● TASK:
When copying the records below, keep every word as it is and drop the images.

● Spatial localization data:
────────────────

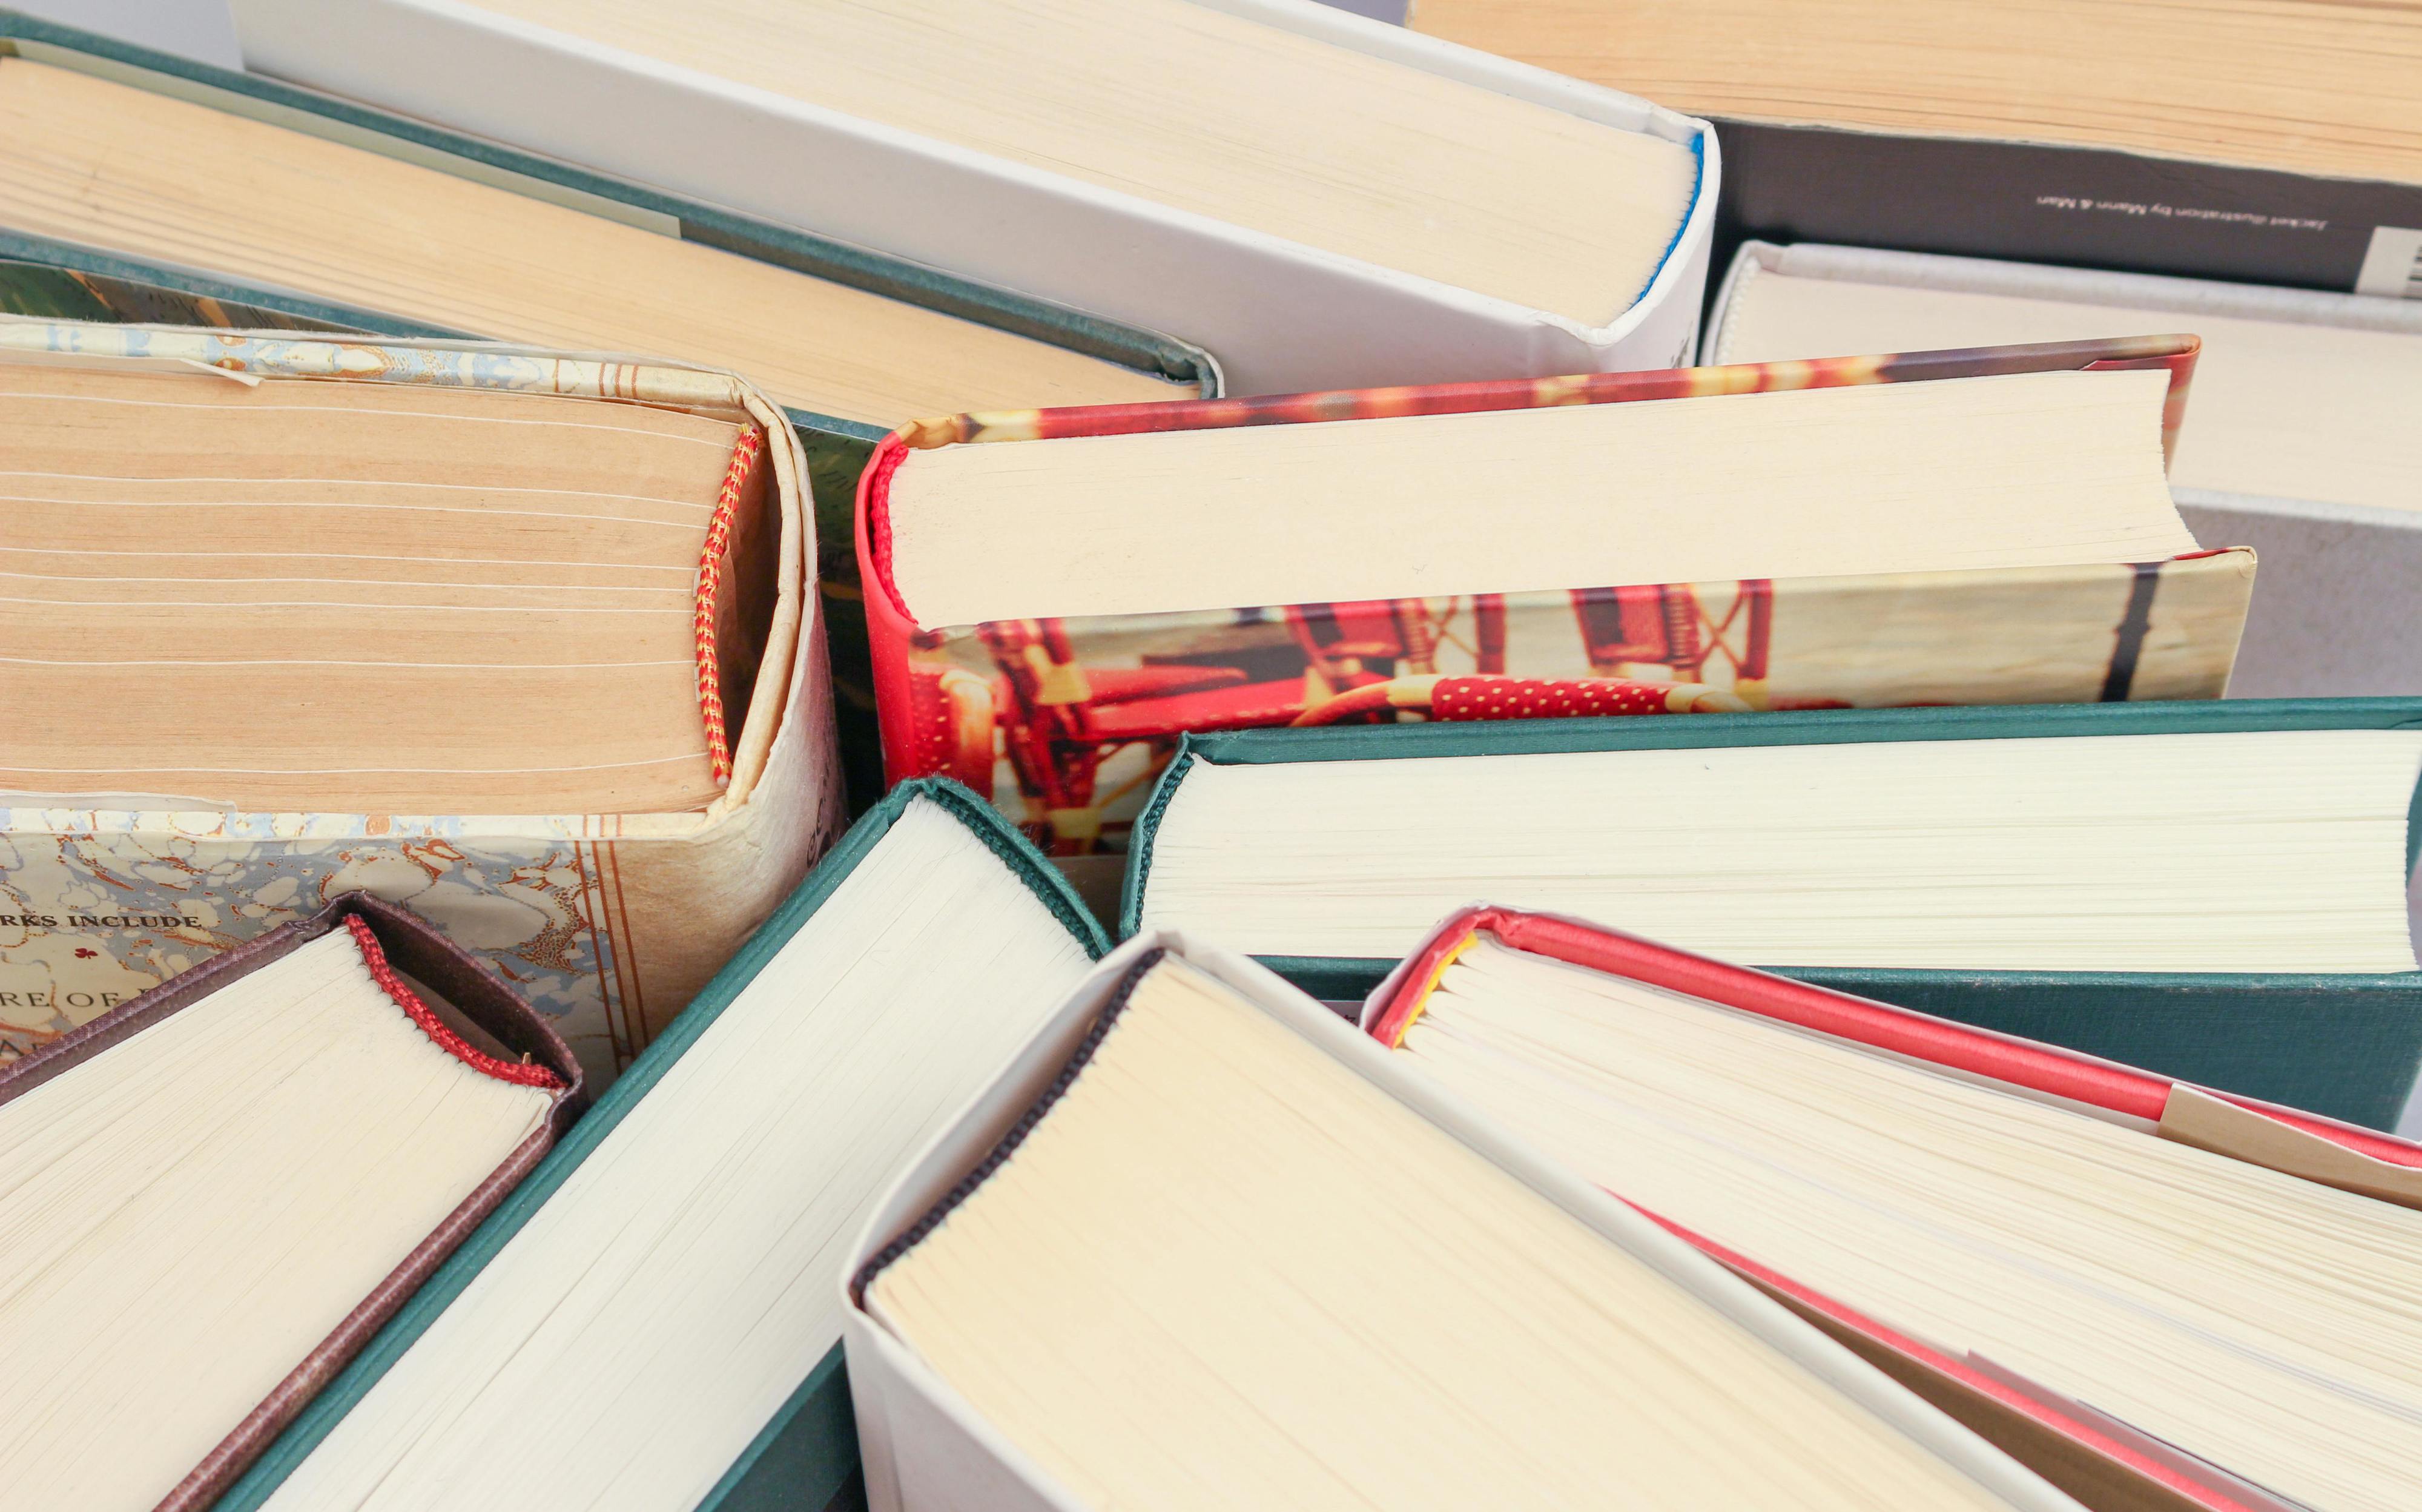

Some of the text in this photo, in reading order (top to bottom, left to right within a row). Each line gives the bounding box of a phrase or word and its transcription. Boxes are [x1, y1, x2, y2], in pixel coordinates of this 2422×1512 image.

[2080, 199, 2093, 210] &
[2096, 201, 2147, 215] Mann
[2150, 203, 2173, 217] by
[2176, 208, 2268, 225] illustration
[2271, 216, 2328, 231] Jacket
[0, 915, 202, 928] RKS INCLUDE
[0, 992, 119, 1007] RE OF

────────────────

● EXERCISE RESPONSE:
Some of the text in this photo, in reading order (top to bottom, left to right within a row). Each line gives the bounding box of a phrase or word and its transcription. Boxes are [x1, y1, x2, y2], in pixel coordinates of this 2422×1512 image.

[2080, 199, 2093, 210] &
[2096, 201, 2147, 215] Mann
[2150, 203, 2173, 217] by
[2176, 208, 2268, 225] illustration
[2271, 216, 2328, 231] Jacket
[0, 915, 202, 928] RKS INCLUDE
[0, 992, 119, 1007] RE OF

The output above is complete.